## Input data
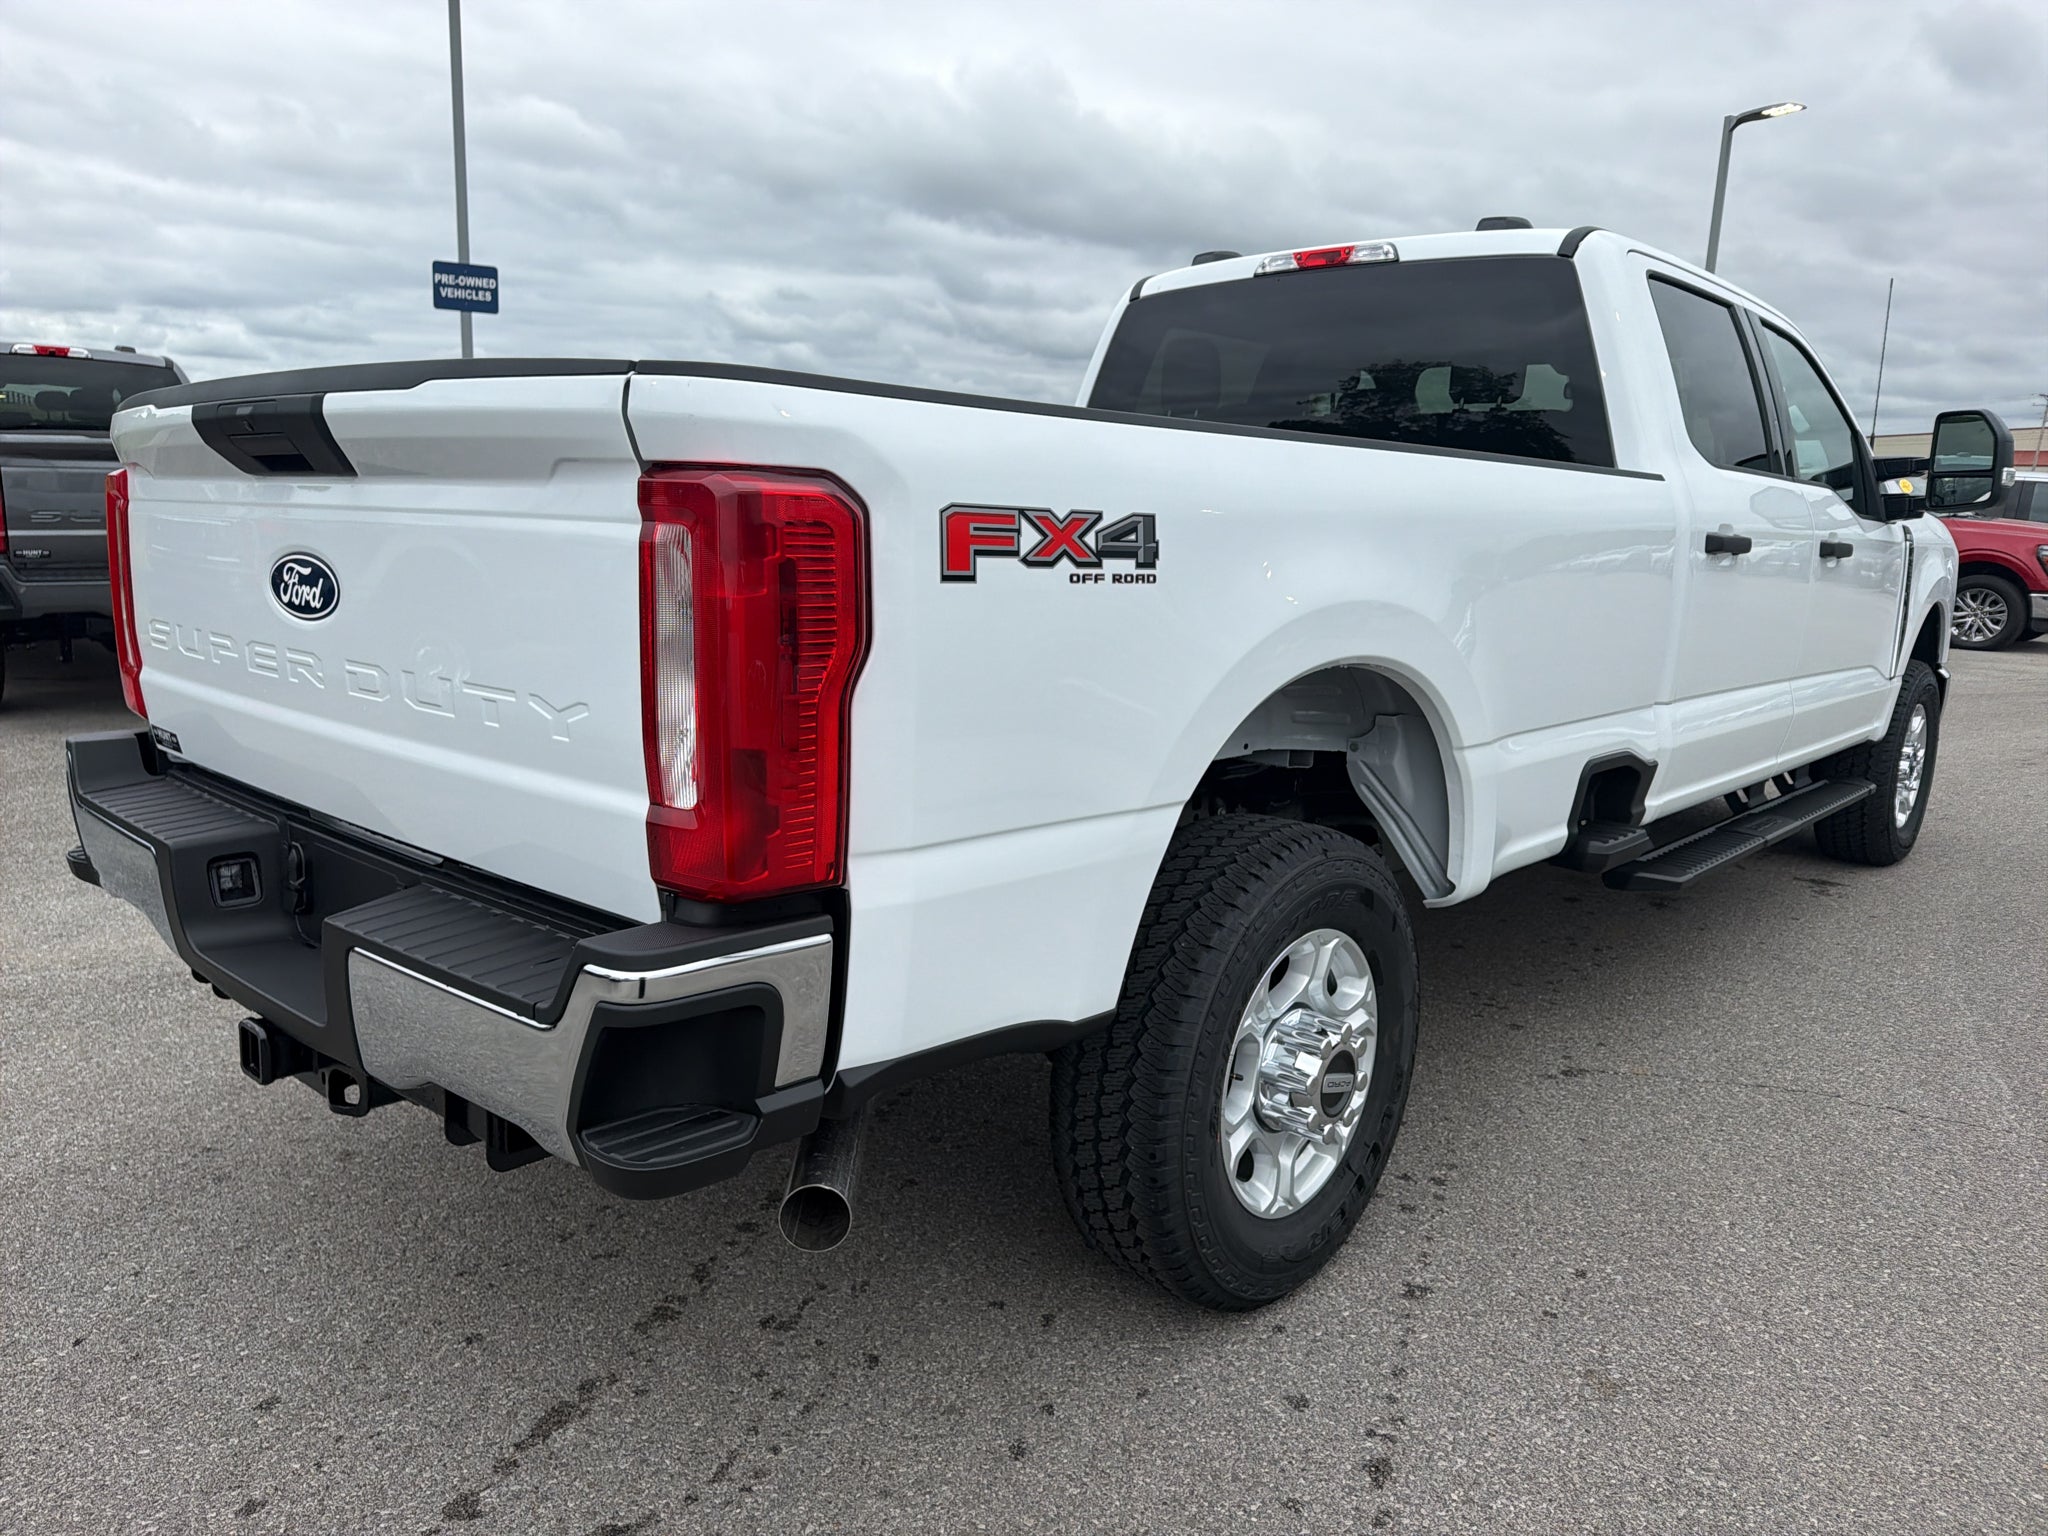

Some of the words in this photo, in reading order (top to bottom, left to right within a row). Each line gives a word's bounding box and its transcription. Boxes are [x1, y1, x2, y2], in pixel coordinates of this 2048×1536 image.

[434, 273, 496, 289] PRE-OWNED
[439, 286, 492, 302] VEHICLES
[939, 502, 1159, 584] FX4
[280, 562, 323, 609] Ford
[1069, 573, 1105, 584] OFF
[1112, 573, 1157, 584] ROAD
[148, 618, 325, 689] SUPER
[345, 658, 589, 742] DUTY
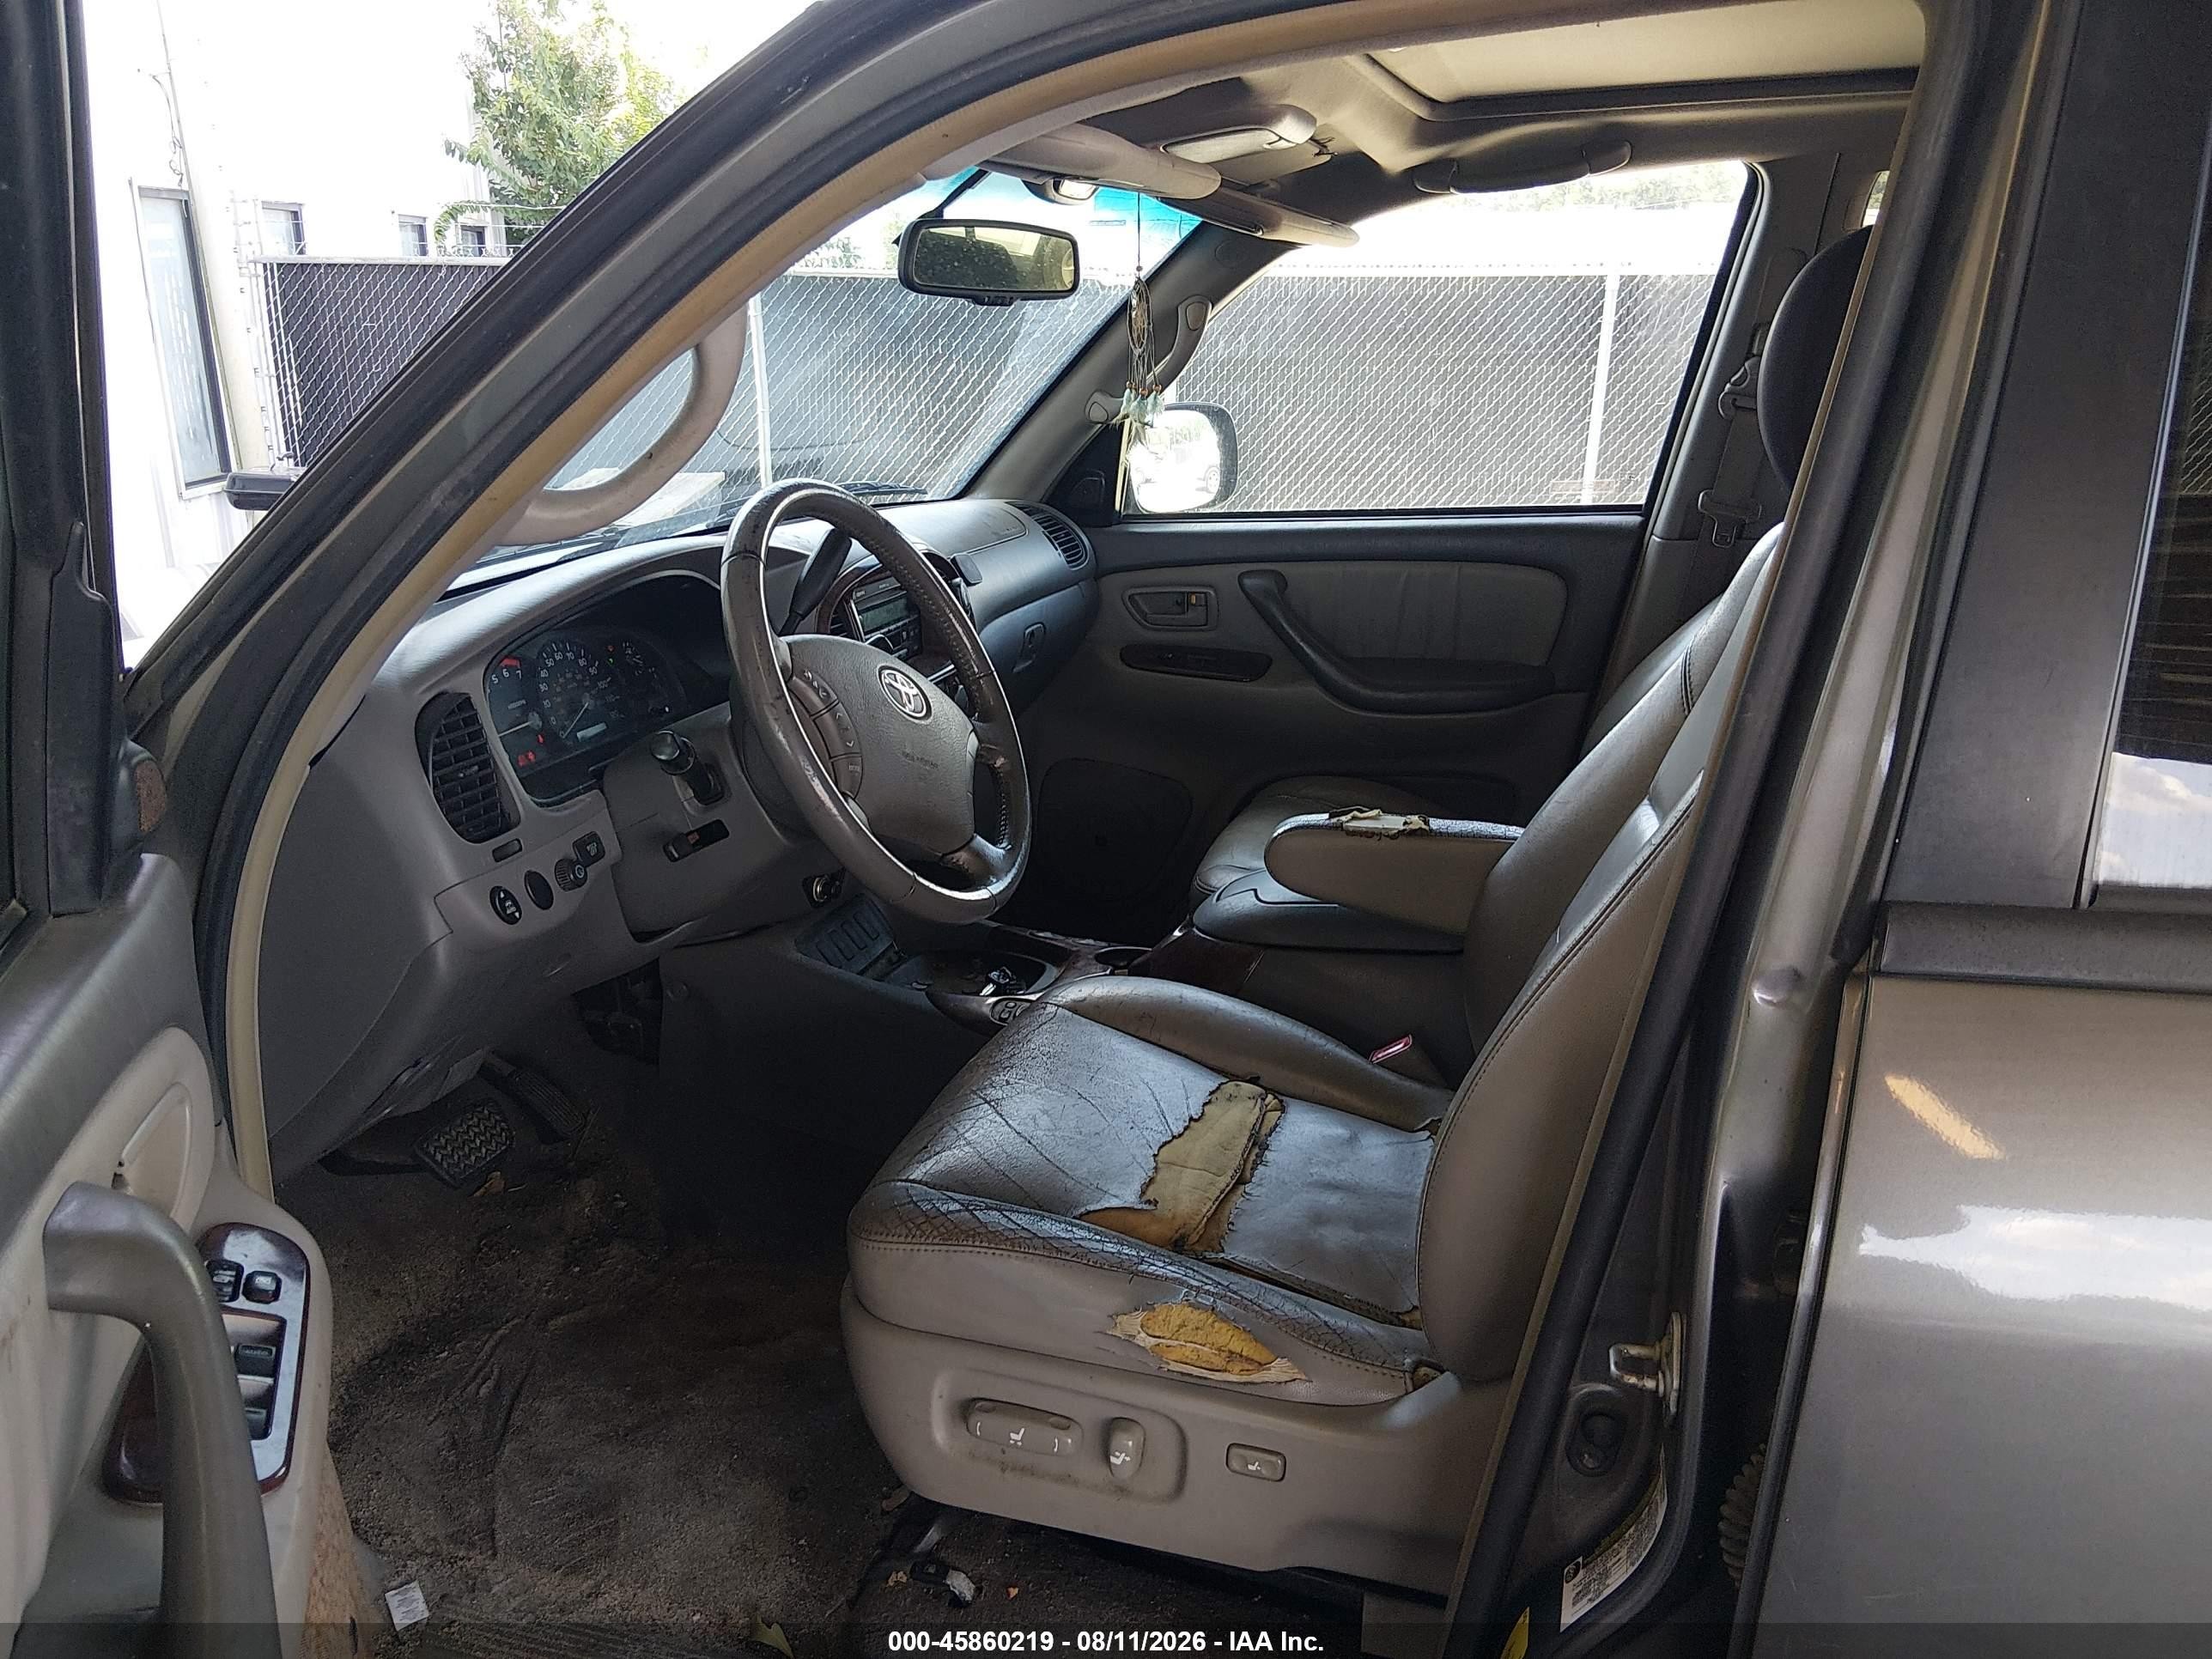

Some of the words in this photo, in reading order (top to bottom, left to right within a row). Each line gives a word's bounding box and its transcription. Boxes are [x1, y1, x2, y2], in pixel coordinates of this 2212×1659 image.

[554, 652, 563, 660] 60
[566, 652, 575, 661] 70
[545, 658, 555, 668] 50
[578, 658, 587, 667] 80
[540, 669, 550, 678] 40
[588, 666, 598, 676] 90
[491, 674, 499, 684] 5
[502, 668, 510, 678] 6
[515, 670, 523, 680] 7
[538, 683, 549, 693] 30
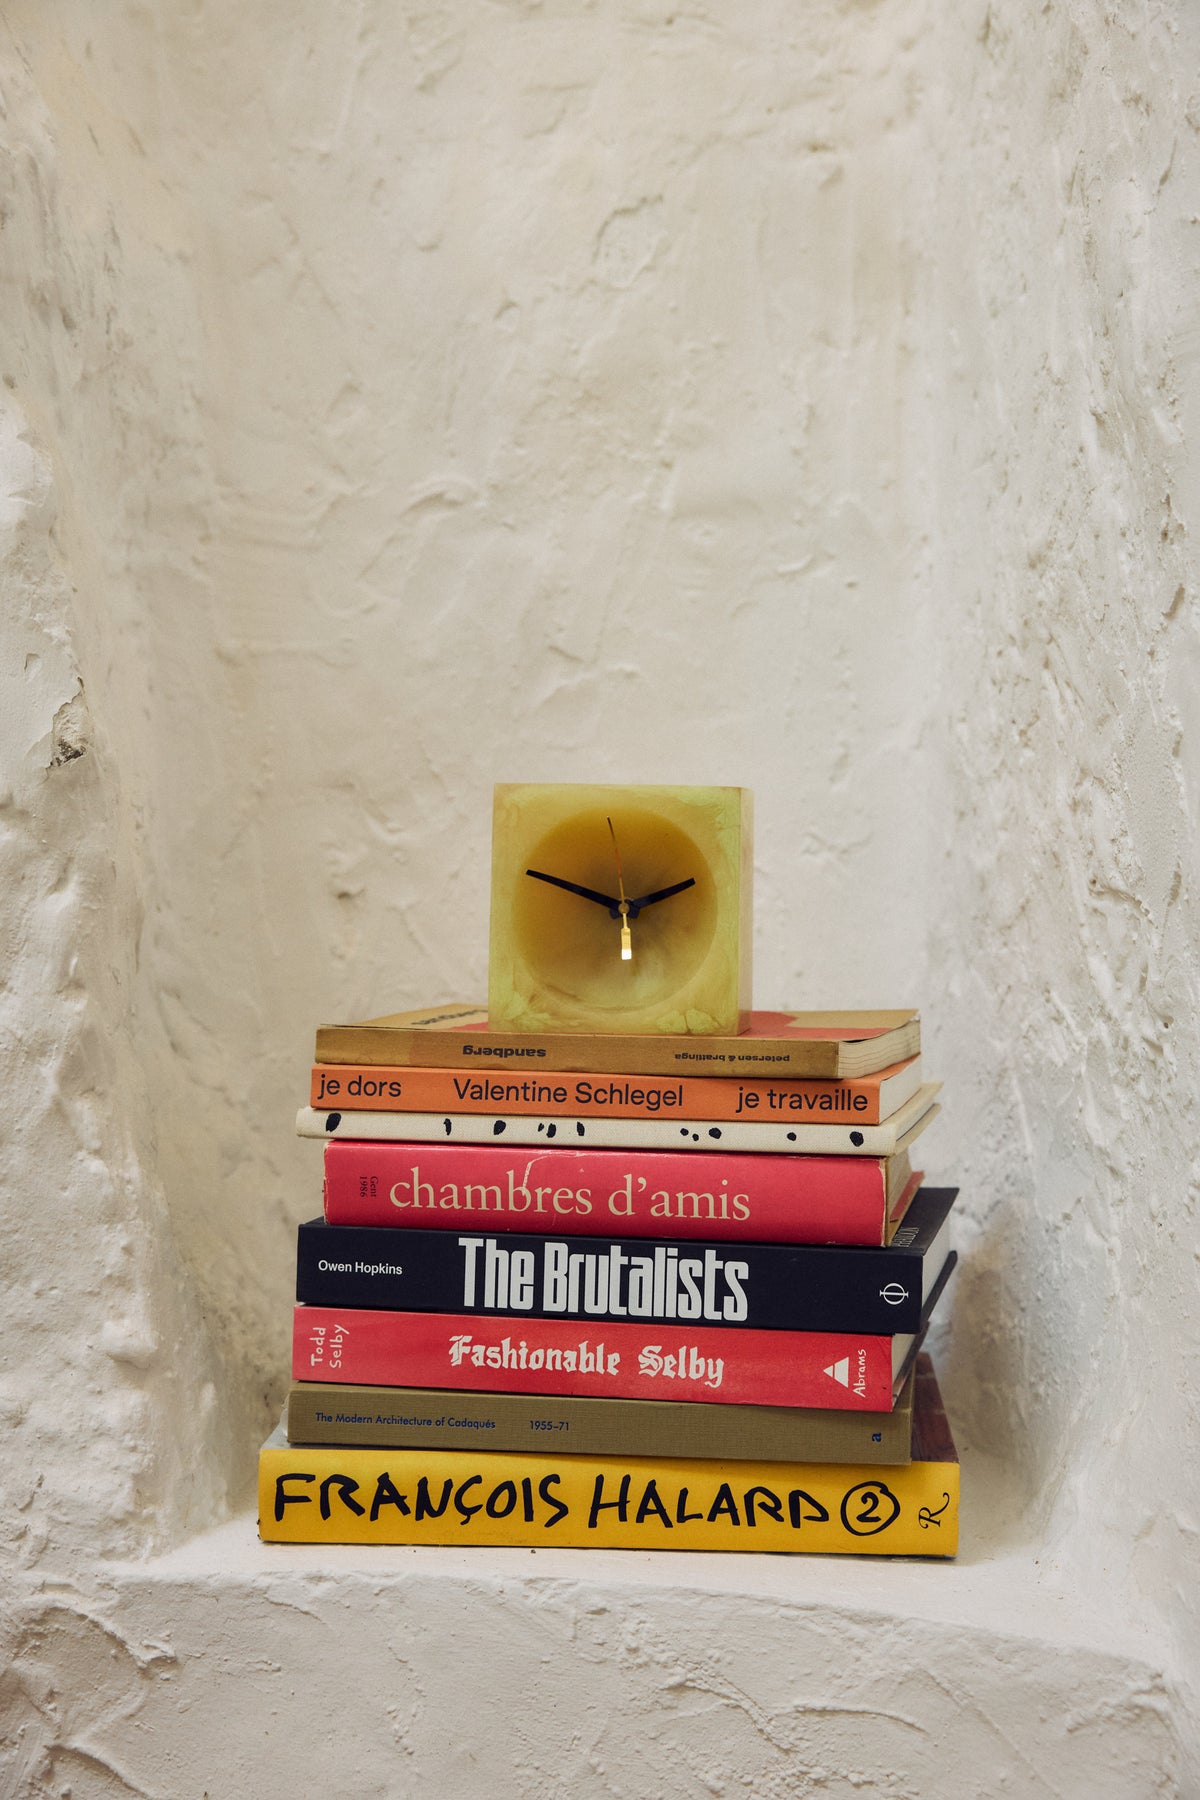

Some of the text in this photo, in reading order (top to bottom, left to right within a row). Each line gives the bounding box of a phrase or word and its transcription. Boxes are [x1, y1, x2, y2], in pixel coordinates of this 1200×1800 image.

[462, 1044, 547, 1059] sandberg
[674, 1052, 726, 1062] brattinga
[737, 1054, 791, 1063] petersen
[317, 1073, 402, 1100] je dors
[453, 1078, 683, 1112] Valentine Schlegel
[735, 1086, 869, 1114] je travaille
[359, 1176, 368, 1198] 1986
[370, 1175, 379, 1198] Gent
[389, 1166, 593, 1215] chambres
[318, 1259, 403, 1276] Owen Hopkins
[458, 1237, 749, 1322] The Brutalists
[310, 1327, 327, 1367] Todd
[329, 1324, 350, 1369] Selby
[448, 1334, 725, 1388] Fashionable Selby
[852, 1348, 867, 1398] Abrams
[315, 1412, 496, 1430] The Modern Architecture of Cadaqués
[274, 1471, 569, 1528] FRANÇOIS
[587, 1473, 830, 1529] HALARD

## Description of the task
Could you copy all of the entries above exactly, without the pictures?

## Answer area
Some of the words in this photo, in reading order (top to bottom, left to right within a row). Each line gives a word's bounding box and its transcription. Boxes are [x1, y1, x2, y2], in pixel coordinates of this 2048×1536 image.

[434, 273, 496, 289] PRE-OWNED
[439, 286, 492, 302] VEHICLES
[939, 502, 1159, 584] FX4
[280, 562, 323, 609] Ford
[1069, 573, 1105, 584] OFF
[1112, 573, 1157, 584] ROAD
[148, 618, 325, 689] SUPER
[345, 658, 589, 742] DUTY

Some of the words in this photo, in reading order (top to bottom, left to right within a row). Each line gives a word's bounding box and its transcription. Boxes are [x1, y1, x2, y2], in pixel coordinates of this 2212×1659 image.

[554, 652, 563, 660] 60
[566, 652, 575, 661] 70
[545, 658, 555, 668] 50
[578, 658, 587, 667] 80
[540, 669, 550, 678] 40
[588, 666, 598, 676] 90
[491, 674, 499, 684] 5
[502, 668, 510, 678] 6
[515, 670, 523, 680] 7
[538, 683, 549, 693] 30

Some of the text in this photo, in reading order (top to bottom, left to right within a row). Each line gives the bounding box of a phrase or word and its transcription. Boxes are [x1, y1, x2, y2], in pixel coordinates of this 1200×1800 image.

[462, 1044, 547, 1059] sandberg
[674, 1052, 726, 1062] brattinga
[737, 1054, 791, 1063] petersen
[317, 1073, 402, 1100] je dors
[453, 1078, 683, 1112] Valentine Schlegel
[735, 1086, 869, 1114] je travaille
[359, 1176, 368, 1198] 1986
[370, 1175, 379, 1198] Gent
[389, 1166, 593, 1215] chambres
[318, 1259, 403, 1276] Owen Hopkins
[458, 1237, 749, 1322] The Brutalists
[310, 1327, 327, 1367] Todd
[329, 1324, 350, 1369] Selby
[448, 1334, 725, 1388] Fashionable Selby
[852, 1348, 867, 1398] Abrams
[315, 1412, 496, 1430] The Modern Architecture of Cadaqués
[274, 1471, 569, 1528] FRANÇOIS
[587, 1473, 830, 1529] HALARD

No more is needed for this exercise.